● **What to work on**
Where a record contains a picture, omit the picture and repeat the rest exactly.

START Provided data

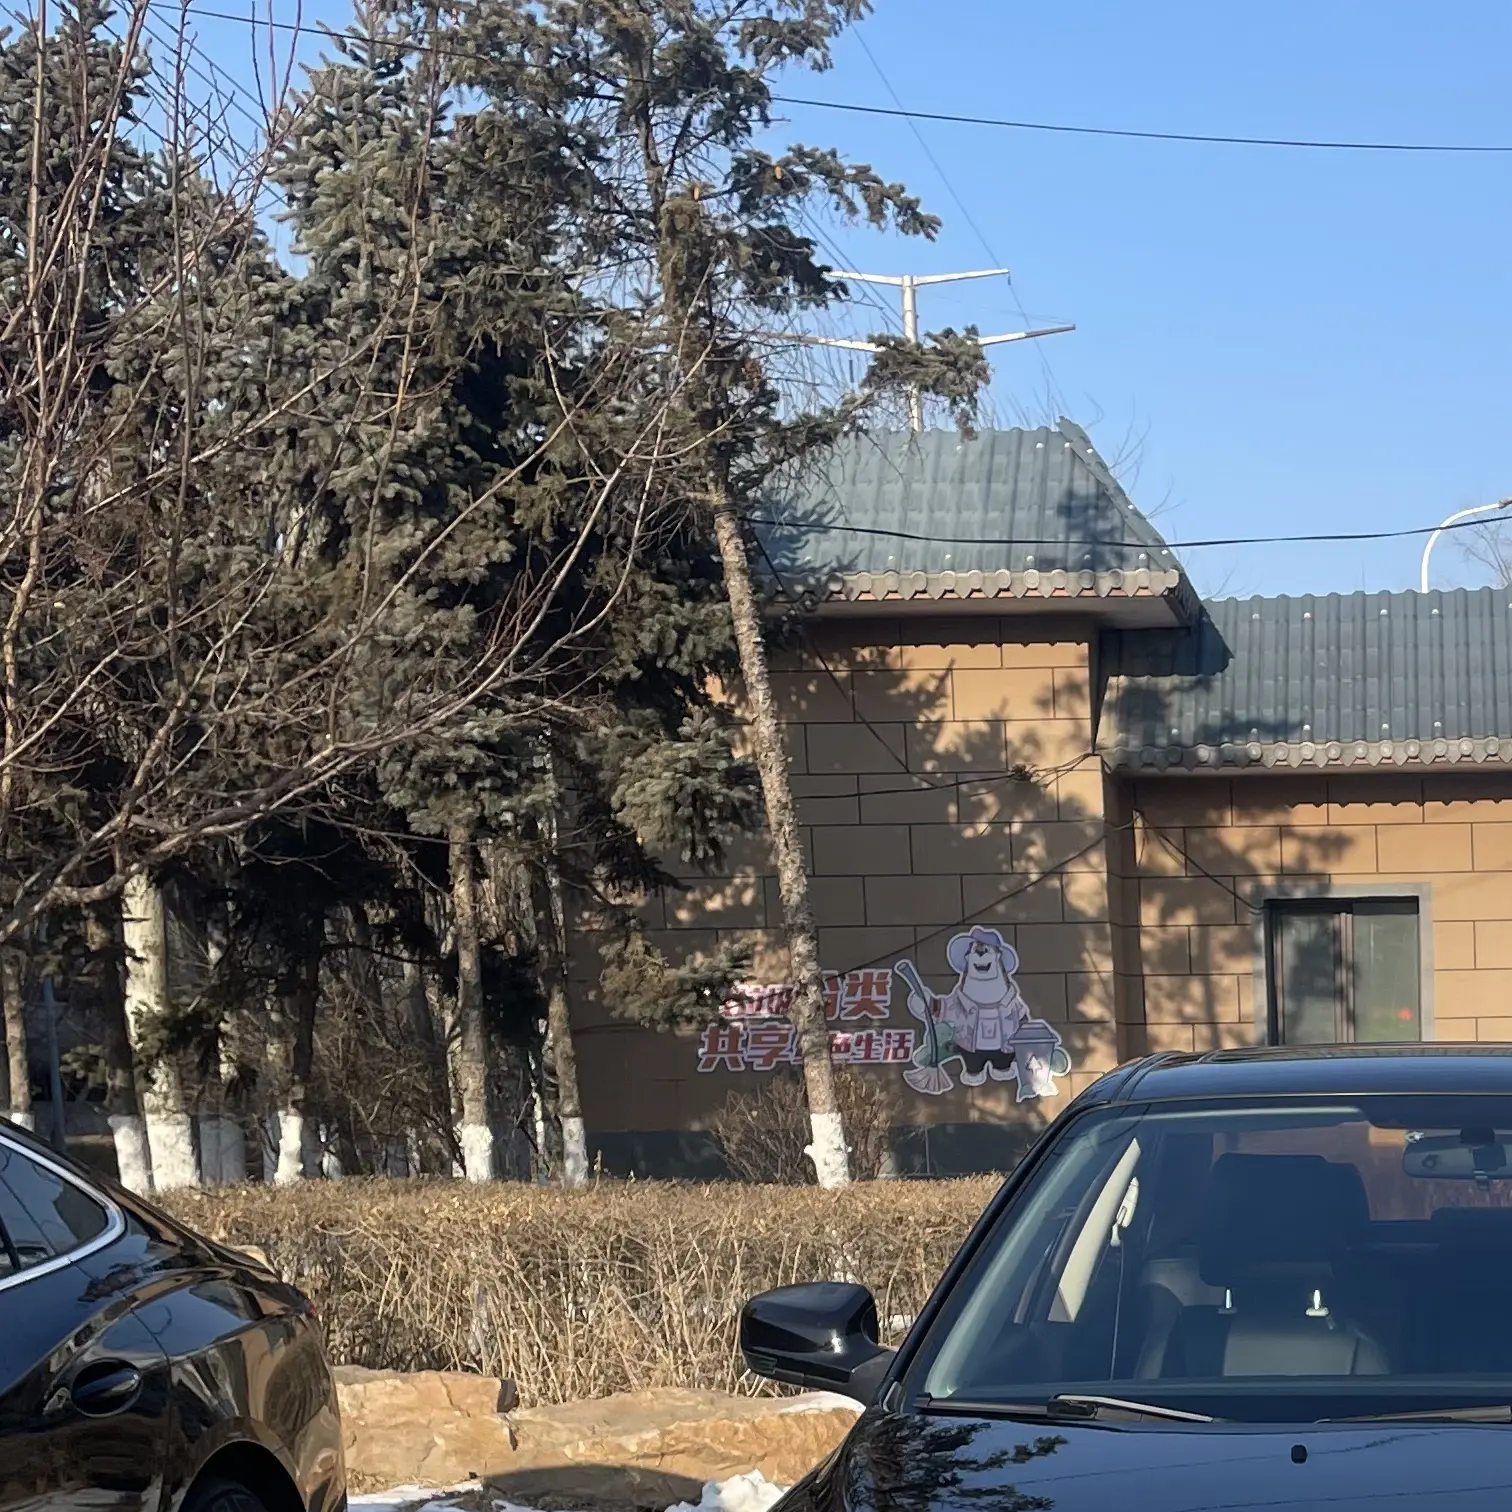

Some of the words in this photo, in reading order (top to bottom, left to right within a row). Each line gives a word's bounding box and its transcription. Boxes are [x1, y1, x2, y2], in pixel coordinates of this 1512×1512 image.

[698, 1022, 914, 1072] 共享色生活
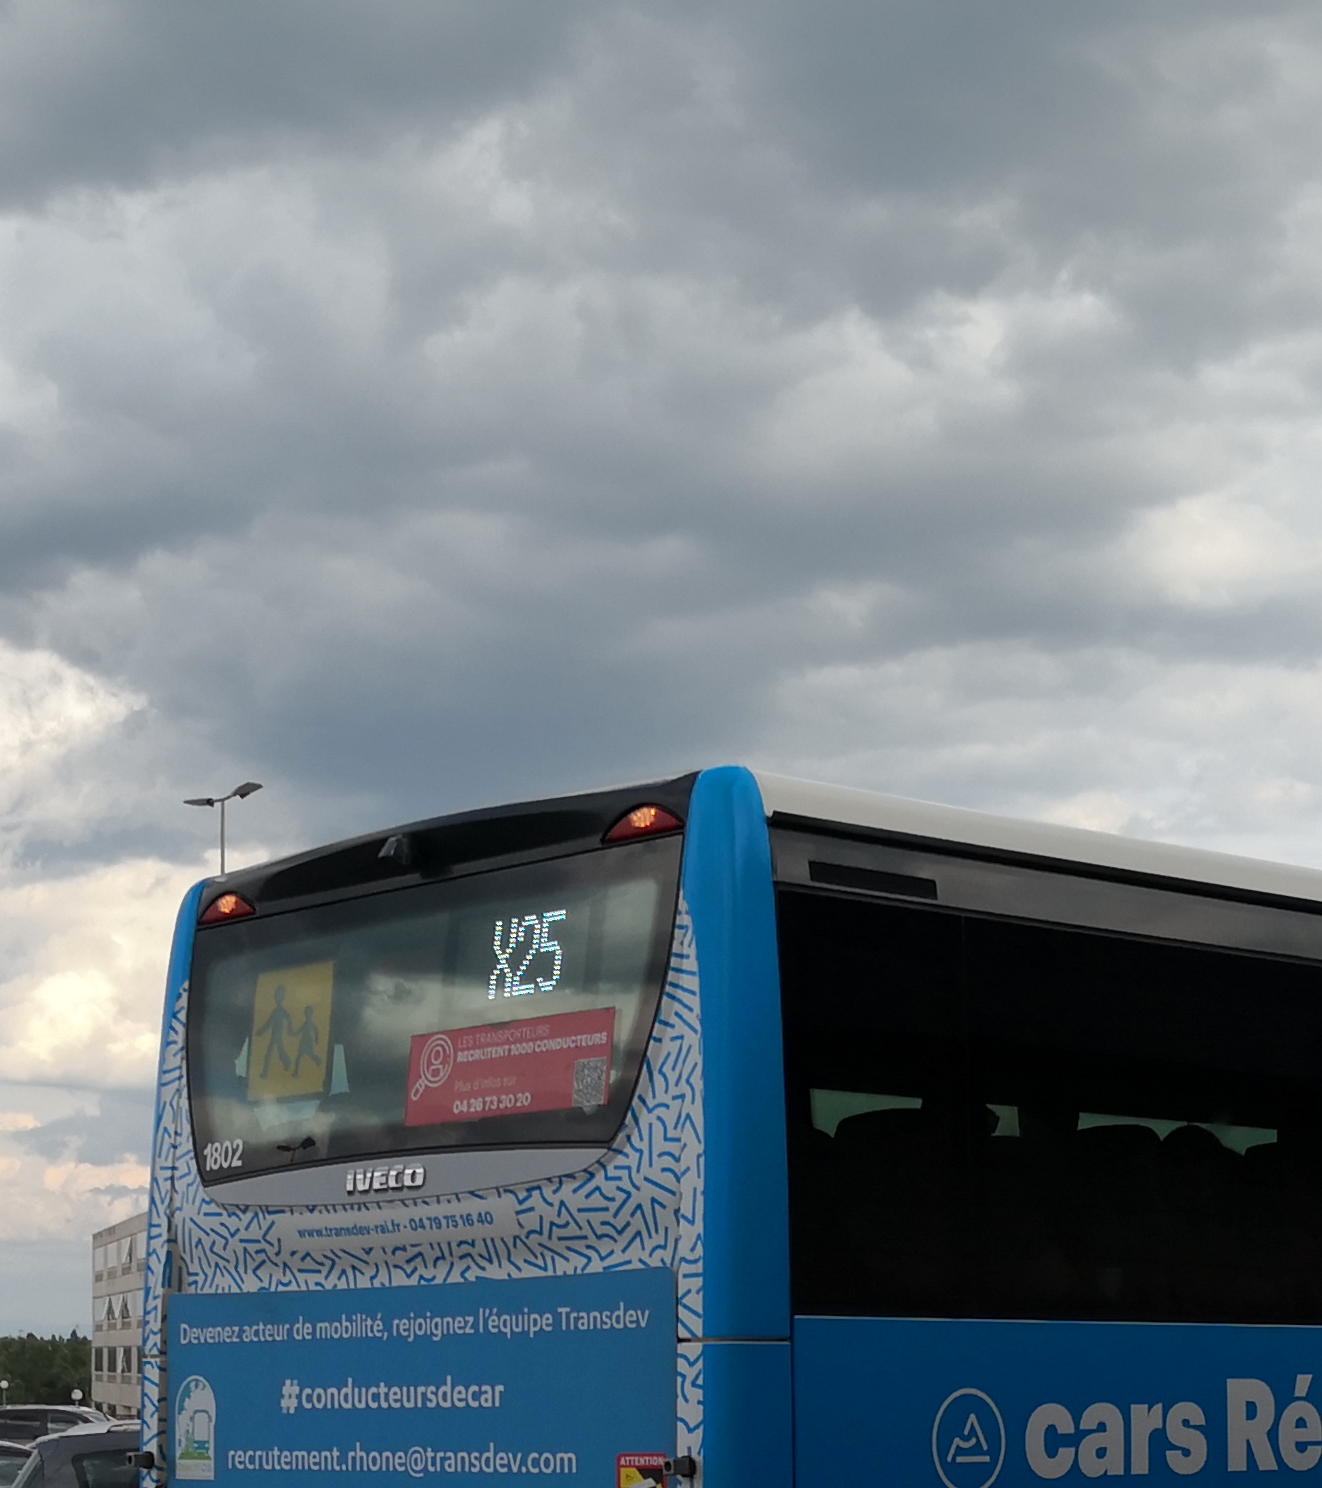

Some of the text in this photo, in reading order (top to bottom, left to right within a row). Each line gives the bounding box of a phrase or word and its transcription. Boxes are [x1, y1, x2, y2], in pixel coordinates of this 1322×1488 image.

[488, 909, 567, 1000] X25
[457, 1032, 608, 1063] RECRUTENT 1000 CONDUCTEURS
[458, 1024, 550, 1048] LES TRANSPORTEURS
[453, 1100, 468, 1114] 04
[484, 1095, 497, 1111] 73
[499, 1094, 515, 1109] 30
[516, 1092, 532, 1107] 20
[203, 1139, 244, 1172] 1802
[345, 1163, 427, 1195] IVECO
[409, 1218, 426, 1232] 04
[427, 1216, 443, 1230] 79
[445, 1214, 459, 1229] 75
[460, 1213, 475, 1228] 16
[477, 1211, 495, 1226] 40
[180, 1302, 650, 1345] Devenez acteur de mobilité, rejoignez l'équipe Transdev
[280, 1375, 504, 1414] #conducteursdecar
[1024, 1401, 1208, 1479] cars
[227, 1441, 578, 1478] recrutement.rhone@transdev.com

END Provided data

● **Answer box**
Some of the words in this photo, in reading order (top to bottom, left to right within a row). Each line gives a word's bounding box and its transcription. Boxes are [x1, y1, x2, y2], in pixel coordinates of this 1512×1512 image.

[698, 1022, 914, 1072] 共享色生活

Some of the text in this photo, in reading order (top to bottom, left to right within a row). Each line gives the bounding box of a phrase or word and its transcription. Boxes are [x1, y1, x2, y2], in pixel coordinates of this 1322×1488 image.

[488, 909, 567, 1000] X25
[457, 1032, 608, 1063] RECRUTENT 1000 CONDUCTEURS
[458, 1024, 550, 1048] LES TRANSPORTEURS
[453, 1100, 468, 1114] 04
[484, 1095, 497, 1111] 73
[499, 1094, 515, 1109] 30
[516, 1092, 532, 1107] 20
[203, 1139, 244, 1172] 1802
[345, 1163, 427, 1195] IVECO
[409, 1218, 426, 1232] 04
[427, 1216, 443, 1230] 79
[445, 1214, 459, 1229] 75
[460, 1213, 475, 1228] 16
[477, 1211, 495, 1226] 40
[180, 1302, 650, 1345] Devenez acteur de mobilité, rejoignez l'équipe Transdev
[280, 1375, 504, 1414] #conducteursdecar
[1024, 1401, 1208, 1479] cars
[227, 1441, 578, 1478] recrutement.rhone@transdev.com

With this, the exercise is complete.